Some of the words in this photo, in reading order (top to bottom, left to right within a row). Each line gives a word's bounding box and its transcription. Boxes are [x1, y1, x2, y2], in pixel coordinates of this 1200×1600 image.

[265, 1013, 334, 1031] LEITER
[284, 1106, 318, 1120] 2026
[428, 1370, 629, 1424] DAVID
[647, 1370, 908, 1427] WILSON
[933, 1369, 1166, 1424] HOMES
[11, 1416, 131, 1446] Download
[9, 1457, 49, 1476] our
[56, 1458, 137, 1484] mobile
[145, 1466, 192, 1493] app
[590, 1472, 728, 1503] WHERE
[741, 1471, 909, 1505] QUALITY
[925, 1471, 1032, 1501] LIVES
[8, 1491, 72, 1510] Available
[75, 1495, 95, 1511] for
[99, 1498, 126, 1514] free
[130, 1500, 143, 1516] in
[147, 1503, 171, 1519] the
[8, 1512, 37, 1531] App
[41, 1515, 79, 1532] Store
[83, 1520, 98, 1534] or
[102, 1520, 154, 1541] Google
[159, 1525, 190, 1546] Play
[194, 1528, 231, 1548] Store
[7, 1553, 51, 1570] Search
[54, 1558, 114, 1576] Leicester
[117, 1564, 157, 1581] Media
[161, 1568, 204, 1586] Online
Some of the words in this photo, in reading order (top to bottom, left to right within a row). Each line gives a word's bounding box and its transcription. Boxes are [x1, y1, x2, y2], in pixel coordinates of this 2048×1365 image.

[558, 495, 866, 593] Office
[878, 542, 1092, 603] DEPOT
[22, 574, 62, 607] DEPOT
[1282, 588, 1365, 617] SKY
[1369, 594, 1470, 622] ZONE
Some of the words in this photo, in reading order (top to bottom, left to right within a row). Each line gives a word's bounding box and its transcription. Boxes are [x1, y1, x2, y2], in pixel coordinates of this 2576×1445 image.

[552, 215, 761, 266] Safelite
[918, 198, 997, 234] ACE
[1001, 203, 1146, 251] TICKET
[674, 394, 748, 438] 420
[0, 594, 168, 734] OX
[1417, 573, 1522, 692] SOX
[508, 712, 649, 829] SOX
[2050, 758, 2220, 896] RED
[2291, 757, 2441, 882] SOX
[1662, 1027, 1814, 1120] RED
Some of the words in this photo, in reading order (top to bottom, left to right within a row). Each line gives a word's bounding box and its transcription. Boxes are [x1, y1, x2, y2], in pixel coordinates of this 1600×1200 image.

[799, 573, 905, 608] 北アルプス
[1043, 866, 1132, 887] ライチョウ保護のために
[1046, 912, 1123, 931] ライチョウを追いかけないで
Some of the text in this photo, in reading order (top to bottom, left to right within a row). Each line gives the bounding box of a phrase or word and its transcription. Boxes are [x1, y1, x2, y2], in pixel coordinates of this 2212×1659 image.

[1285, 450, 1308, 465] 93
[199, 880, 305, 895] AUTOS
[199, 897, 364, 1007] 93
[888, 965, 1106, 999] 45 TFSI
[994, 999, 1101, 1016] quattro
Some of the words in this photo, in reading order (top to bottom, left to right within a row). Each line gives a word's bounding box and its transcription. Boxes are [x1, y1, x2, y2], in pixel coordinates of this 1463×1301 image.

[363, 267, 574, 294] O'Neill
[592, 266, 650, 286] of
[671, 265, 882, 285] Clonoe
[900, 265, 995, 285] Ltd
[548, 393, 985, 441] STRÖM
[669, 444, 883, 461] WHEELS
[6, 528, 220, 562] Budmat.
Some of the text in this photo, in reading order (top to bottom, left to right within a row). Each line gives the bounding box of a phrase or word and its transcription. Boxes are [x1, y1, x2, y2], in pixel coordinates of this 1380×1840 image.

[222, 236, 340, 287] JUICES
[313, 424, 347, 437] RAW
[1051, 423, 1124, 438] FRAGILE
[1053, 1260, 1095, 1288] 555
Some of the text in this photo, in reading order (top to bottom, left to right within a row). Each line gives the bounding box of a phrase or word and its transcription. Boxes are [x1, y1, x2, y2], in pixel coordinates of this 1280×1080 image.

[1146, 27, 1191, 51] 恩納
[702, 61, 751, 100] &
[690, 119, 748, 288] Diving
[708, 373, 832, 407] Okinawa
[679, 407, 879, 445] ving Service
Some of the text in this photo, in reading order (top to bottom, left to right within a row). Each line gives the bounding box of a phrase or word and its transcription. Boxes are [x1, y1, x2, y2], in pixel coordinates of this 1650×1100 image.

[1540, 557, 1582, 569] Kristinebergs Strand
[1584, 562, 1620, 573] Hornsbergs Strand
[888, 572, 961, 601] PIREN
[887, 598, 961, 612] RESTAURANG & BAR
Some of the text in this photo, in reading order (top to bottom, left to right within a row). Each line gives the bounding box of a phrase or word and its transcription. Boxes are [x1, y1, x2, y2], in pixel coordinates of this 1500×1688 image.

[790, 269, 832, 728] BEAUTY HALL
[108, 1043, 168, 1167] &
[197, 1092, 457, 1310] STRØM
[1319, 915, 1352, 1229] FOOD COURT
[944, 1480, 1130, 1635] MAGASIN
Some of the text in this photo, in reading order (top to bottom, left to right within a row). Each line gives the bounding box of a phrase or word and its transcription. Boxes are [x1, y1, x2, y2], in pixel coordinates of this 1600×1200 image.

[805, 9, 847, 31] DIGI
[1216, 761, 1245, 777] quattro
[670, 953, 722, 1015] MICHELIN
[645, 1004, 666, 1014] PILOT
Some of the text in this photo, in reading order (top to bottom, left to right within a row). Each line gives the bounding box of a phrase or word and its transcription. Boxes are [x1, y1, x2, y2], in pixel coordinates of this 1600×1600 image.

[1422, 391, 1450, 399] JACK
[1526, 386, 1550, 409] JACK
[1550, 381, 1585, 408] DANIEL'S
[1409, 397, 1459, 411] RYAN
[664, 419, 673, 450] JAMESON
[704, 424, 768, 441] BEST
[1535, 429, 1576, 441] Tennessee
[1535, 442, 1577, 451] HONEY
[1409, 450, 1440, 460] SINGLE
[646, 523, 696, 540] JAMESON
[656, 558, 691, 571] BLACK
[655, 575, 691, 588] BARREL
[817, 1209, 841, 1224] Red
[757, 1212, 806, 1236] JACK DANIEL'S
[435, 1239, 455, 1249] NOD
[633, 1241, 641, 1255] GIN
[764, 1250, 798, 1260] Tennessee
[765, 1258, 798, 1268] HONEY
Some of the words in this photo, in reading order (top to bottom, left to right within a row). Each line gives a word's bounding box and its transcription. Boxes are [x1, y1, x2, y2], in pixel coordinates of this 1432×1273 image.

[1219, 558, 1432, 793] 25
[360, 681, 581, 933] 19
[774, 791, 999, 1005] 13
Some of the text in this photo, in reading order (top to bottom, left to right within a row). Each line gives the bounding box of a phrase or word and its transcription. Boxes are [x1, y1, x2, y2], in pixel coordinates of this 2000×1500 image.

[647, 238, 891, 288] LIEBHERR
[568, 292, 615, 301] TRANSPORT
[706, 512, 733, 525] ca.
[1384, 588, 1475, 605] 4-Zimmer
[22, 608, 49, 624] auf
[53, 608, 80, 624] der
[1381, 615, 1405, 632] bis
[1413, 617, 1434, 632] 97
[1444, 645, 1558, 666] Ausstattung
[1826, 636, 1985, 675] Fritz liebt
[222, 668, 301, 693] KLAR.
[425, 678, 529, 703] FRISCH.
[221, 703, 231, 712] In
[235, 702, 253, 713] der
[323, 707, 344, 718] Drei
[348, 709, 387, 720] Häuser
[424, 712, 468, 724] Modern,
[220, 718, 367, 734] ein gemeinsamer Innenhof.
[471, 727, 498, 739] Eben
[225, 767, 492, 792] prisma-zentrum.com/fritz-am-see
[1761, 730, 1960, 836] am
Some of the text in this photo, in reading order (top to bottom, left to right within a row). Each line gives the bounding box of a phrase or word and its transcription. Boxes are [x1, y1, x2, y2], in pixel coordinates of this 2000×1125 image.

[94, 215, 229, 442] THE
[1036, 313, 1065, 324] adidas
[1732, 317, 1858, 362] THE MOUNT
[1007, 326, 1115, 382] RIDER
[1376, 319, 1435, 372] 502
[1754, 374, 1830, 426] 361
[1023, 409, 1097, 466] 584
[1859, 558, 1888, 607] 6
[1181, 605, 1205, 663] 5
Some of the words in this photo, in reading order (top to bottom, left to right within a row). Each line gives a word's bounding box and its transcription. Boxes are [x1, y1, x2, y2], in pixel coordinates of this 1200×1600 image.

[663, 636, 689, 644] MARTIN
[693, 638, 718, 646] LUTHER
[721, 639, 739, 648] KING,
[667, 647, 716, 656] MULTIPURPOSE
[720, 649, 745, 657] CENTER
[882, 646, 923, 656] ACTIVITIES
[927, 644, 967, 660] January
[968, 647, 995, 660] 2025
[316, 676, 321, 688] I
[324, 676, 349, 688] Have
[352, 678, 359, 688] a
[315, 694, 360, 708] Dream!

Exercise goal ▸ From the line with "this 2000×1125 image." through the final line of the records, return each line exactly. Leave out the rest.

Task response ▸
Some of the text in this photo, in reading order (top to bottom, left to right within a row). Each line gives the bounding box of a phrase or word and its transcription. Boxes are [x1, y1, x2, y2], in pixel coordinates of this 2000×1125 image.

[94, 215, 229, 442] THE
[1036, 313, 1065, 324] adidas
[1732, 317, 1858, 362] THE MOUNT
[1007, 326, 1115, 382] RIDER
[1376, 319, 1435, 372] 502
[1754, 374, 1830, 426] 361
[1023, 409, 1097, 466] 584
[1859, 558, 1888, 607] 6
[1181, 605, 1205, 663] 5
Some of the words in this photo, in reading order (top to bottom, left to right within a row). Each line gives a word's bounding box and its transcription. Boxes are [x1, y1, x2, y2], in pixel coordinates of this 1200×1600 image.

[663, 636, 689, 644] MARTIN
[693, 638, 718, 646] LUTHER
[721, 639, 739, 648] KING,
[667, 647, 716, 656] MULTIPURPOSE
[720, 649, 745, 657] CENTER
[882, 646, 923, 656] ACTIVITIES
[927, 644, 967, 660] January
[968, 647, 995, 660] 2025
[316, 676, 321, 688] I
[324, 676, 349, 688] Have
[352, 678, 359, 688] a
[315, 694, 360, 708] Dream!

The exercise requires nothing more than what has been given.